A typical commercial flow bench uses manometers across an orifice plate, to measure the

mass flow rate (usually expressed as CFM @ STP) at a given test pressure. A cylinder head,

or a number of cylinder heads, once tested, can then be run on a calibrated dynamometer. The

readings from the dynamometer can then be correlated with mass flow rate results, for a given

test pressure on a given flow bench.

Commercial flow bench units may be supplied with a series of charts that attempt to relate the

mass flow rate through a cylinder head at a given flow bench test pressure, with expected

dynamometer results.

6.3 Description Of Flowbench Hardware

A flowbench was constructed to specifically evaluate the performance of the air filter, throttle

assembly, and restrictor. The flowbench was constructed with geometry to try and mimic the

flow from the restrictor into a symmetric plenum.

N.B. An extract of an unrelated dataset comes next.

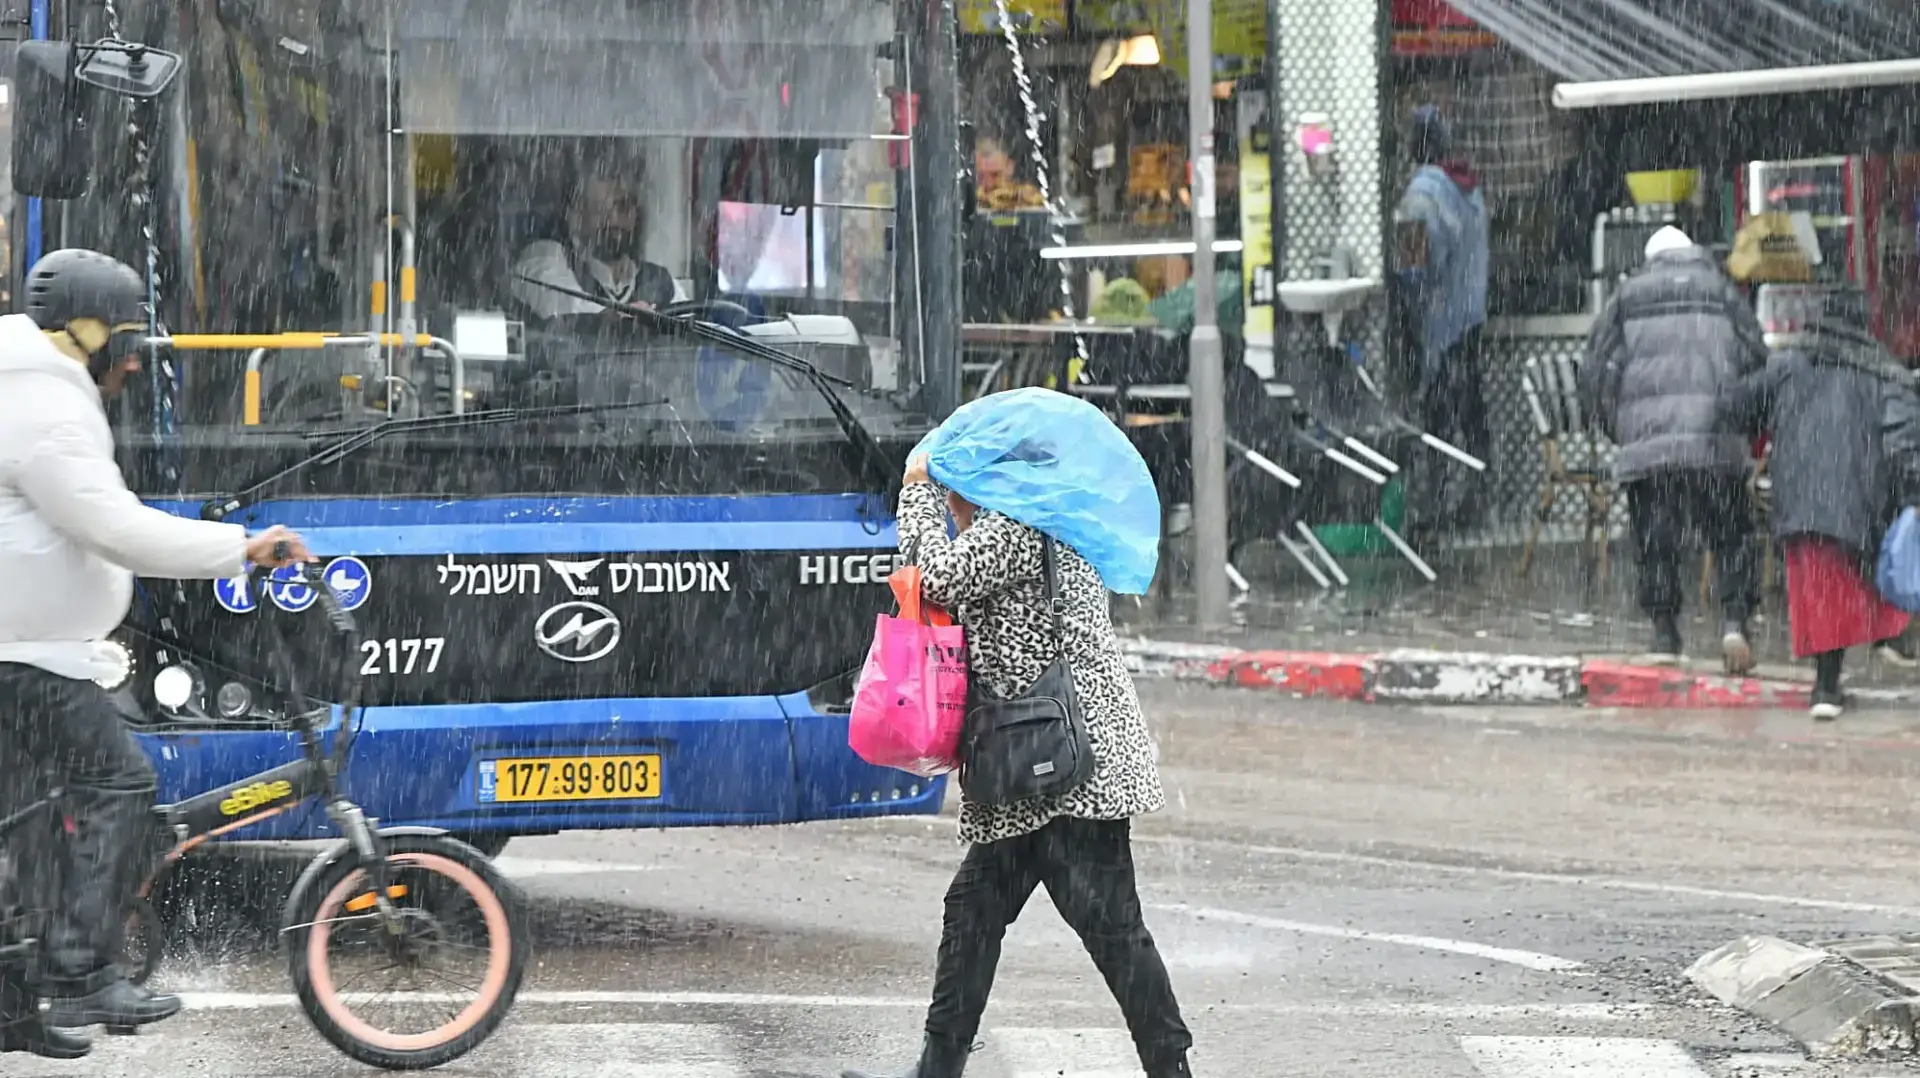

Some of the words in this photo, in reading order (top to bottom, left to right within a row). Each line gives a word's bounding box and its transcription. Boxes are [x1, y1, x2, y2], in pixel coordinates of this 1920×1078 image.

The flowbench uses a stagnation pressure

probe, and a static pressure probe (“wall tapping”) to determine the peak velocity,

downstream, through a 27.5 mm internal diameter pipe. The pipe has a very rough (corroded

galvanised iron) internal surface finish, and is of sufficient length at ensure fully developed

turbulent flow at the pressure probes. By assuming fully developed turbulent flow, we can

also assume a reasonably consistent velocity profile through the pipe over a small range of

Reynolds numbers.

Pitot probes were chosen over an orifice plate so as to reduce the required power of the

vacuum unit, and hence increase the available test pressure. Manometers were favoured over

differential pressure transducers, to reduce error modes, and so that the device could be used

again without the need for sourcing additional hardware (except a source of vacuum).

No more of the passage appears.